Over the past decade, the use of predictive modeling in commercial lines has gone from a powerful tool leveraged by a few strategic early adopters, to table stakes for most insurance companies. The industry has seen a tremendous evolution in the use of advanced analytics and predictive models in the underwriting process. On the claim predictive modeling side, we appear to be moving rapidly out of the early adopter stage, partially because of the advent of Software as a Service (SaaS) and cloud computing.
Unlike the early days of underwriting predictive models, claim predictive models can now leverage the cloud as a way of bringing analytics to life faster for insurance companies and self-insured entities that don't have the large scale or resources of some bigger companies. As a result of the changes in technology, many claim organizations are wrestling with the "how" and "when" elements of the deployment equation, versus the historical "if" side.
The firm's claim modeling then expanded to personal lines bodily injury, commercial auto bodily injury, and general liability. For each of these lines, there are a variety of ways to turn modeling insights into actionable business results. For example, use business rules to drive resource allocation based on factors such as the potential claim severity and duration, propensity for fraud or litigation, subrogation opportunity, or other business applications.
Similar to the early adopters on the underwriting side, the early claim adopters have primarily chosen to develop their own in-house customized models and scoring engine capabilities. Although a considerable investment of time, internal resources, and capital is needed, the ultimate financial benefits of claim predictive modeling have been impressive. Early adopters of claim predictive analytics are achieving four to eight percent annual reductions in their loss ratios. These savings have been achieved in part by the redeployment of supervisory resources and claim management improvements by nurses and SIU referrals.
For commercial auto and personal auto bodily injury models that Deloitte has developed for its clients at FNOL, the average claim severity for the best ten percent of claims is usually in the range of 50 percent better than average. For the worst ten percent of claims, the average claim severity is frequently over 200 percent worse than average at FNOL.
Although it takes longer to retrieve information from third-party claimants who may not have much incentive to divulge additional information in a timely fashion, the segmentation power of the models is still significant when external data is leveraged to supplement the traditional internal data available at FNOL. So again, it is no longer a matter of if the models work, but how an organization can leverage the model's segmentation power to develop a competitive advantage in the marketplace.
Deloitte worked with Experian to develop a set of claim predictive analytics offerings that include a hosted solution for insurance companies and self-insureds. The firm says this solution is designed to bring the best of two worlds together—a tested, production-based suite of claim predictive models hosted in a secure, technical environment. This private cloud setting can offer many of the same benefits of a custom-built, stand-alone solution, with five distinct potential advantages:
- Deployment to results cycle time is reduced from years to months. This can in turn translate to a faster ROI for claim organizations.

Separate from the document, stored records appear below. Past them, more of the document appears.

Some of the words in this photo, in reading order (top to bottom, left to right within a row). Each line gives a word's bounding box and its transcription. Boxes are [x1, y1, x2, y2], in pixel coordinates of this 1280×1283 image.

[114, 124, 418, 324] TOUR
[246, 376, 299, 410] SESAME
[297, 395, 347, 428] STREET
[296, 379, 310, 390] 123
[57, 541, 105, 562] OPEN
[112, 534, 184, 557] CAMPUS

- Costs can be transformed from a heavy, front-end investment to a more predictable, per-transaction basis or a 'pay as you go' model.

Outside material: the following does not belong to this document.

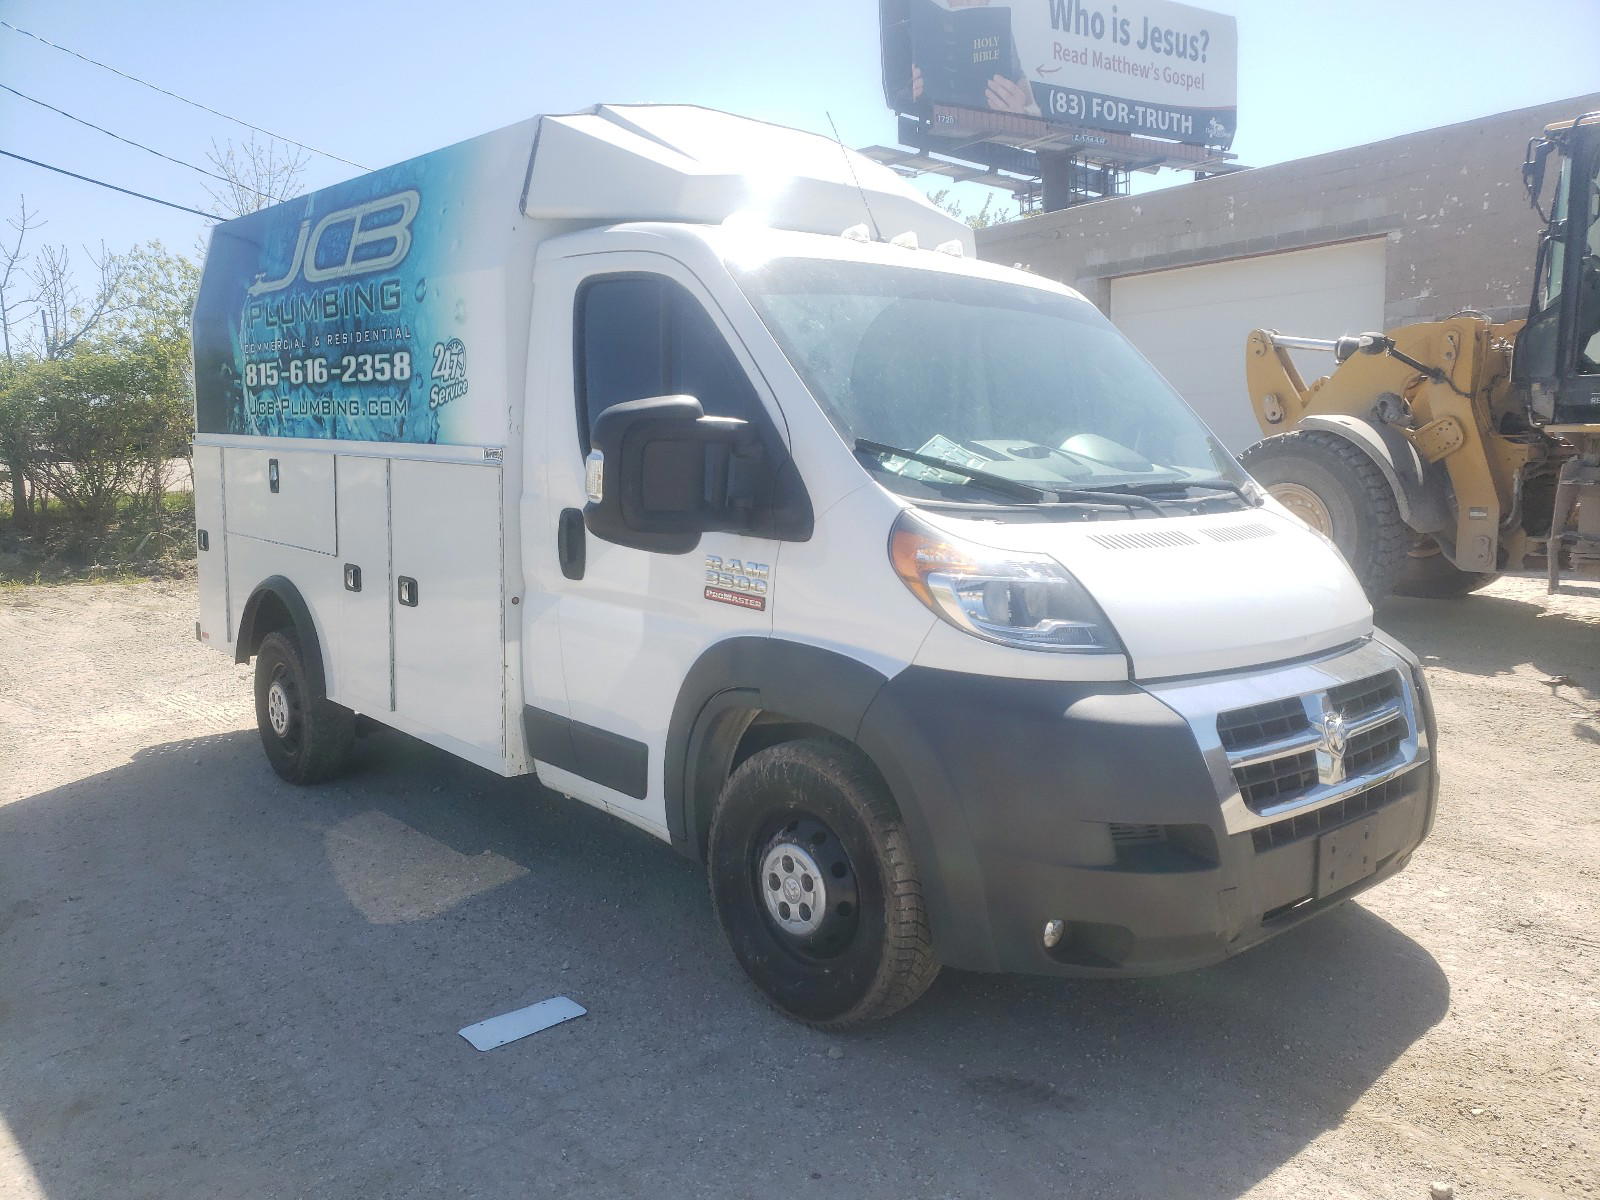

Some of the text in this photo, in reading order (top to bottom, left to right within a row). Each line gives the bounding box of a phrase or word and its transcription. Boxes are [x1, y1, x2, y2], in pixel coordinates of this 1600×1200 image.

- Technical resource and integration requirements are virtually eliminated.
- Implementation, data, and deployment risks are reduced and shared without compromising security.
- The available data universe may be much larger and more diverse than that of a stand-alone, custom-built implementation.
The basic mechanics of how claim predictive models function in this hosted environment begin with collecting a limited ,but highly prescriptive set of initial data at FNOL (and/or designated points thereafter). This information typically consists of data captured at FNOL, and from other basic sources such as policy/insured/claimant data and external third-party sources.
The model output received from the hosted environment can either be referenced independently, or integrated into the organization's core claim business processes and work flow. Re-submission and re-scoring of claims based on pre-defined claim events, scoring triggers, and as the claim lifecycle evolves can also be designed into the iterative process.
Clearly, there are both functional and technical options available for insurance companies and self-insureds to enable claim predictive modeling capabilities without burdening or relying solely on their IT departments. This is excellent news for claim executives who have been struggling for years to find the right balance between resource allocation, straight-through processing opportunities, and identifying the claims with the largest loss potential before they actually become large losses.